Nesta quinta-feira, 6, acontece a segunda reunião de negociação entre o Comando Nacional dos Bancários e a Federação Nacional dos Bancos (Fenaban). O encontro começa às 14h e debaterá as questões de emprego. A manutenção do emprego é eixo central na minuta de reivindicações da categoria.
A centralidade do tema se explica pelas demissões que ocorreram este ano, mesmo em meio à pandemia. No início da crise sanitária, os três maiores bancos privados (Santander, Bradesco e Itaú) se comprometeram a não demitir, considerando o contexto de instabilidade econômica e de vulnerabilidade social. O Santander foi um dos bancos que descumpriram o acordo, demitindo cerca de 700 empregados no período.

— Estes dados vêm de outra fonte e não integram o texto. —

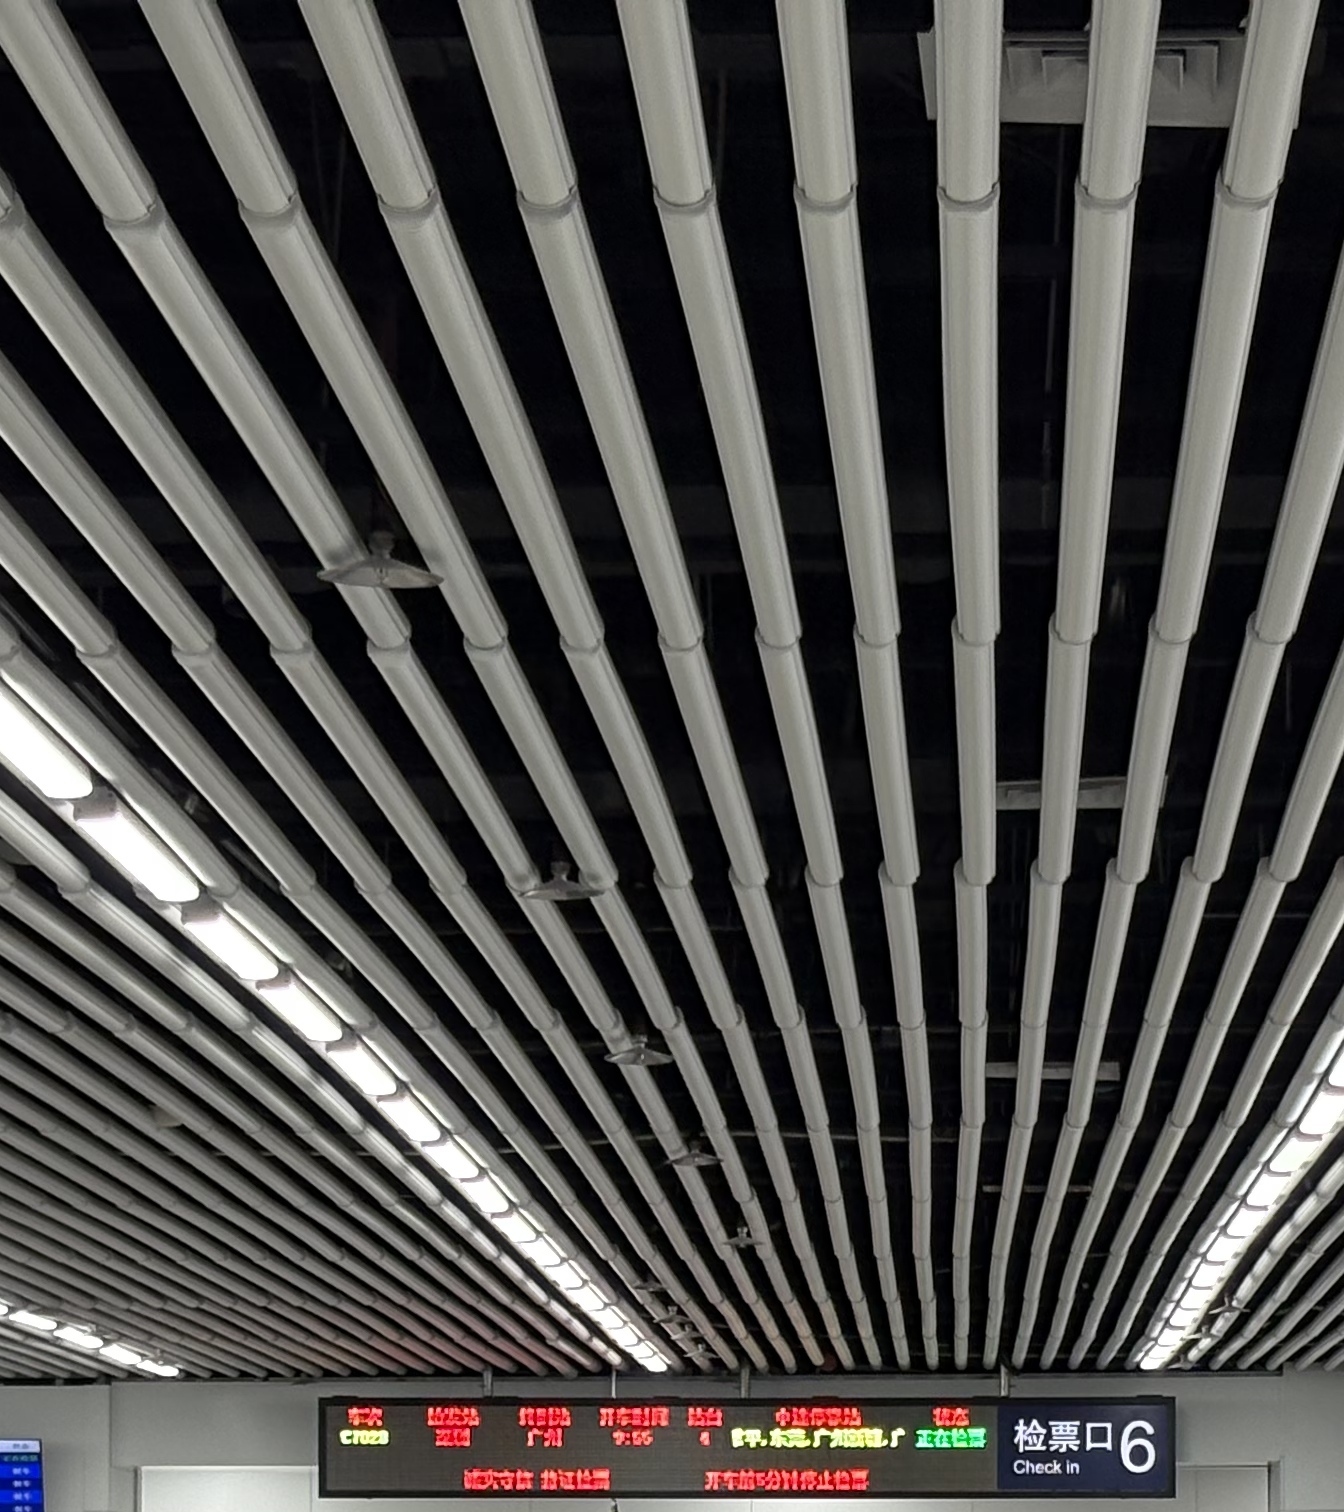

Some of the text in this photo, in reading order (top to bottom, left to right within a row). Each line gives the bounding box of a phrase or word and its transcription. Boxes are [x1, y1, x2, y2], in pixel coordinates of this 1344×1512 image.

Além do Santander, outros bancos como Mercantil do Brasil, Original, Carrefour e C6 também estão demitindo. Só no Mercantil do Brasil foram 60 desligamentos em plena pandemia.
Medo
Em pesquisa realizada em julho pelo Departamento Intersindical de Estudos e Estatísticas Socioeconômicas (Dieese) entre bancários que estão em teletrabalho aponta que o medo de ser demitido, perder oportunidades ou ser esquecido pelas chefias é uma das maiores preocupações dos bancários, sendo um dos fatores que mais impacto a saúde dos bancários, de acordo com opinião de 54,3% dos entrevistados.
Desemprego não combina com a ajuda que o governo está dando aos bancos. As instituições financeiras receberam aporte de R$ 1,2 trilhão do governo para ajudar na recuperação econômica do país. Mesmo assim, os bancos relutam em liberar empréstimos, principalmente para as micro e pequenas empresas.
Nas redes
Em tempos de isolamento social, fortalecer nossa mobilização nas redes sociais é fundamental para dar maior visibilidade e força à pauta categoria. Por isso, bancários e bancárias estão convocados para um tuitaço amanhã, com a hastag #NaLutaPeloEmprego. Participe.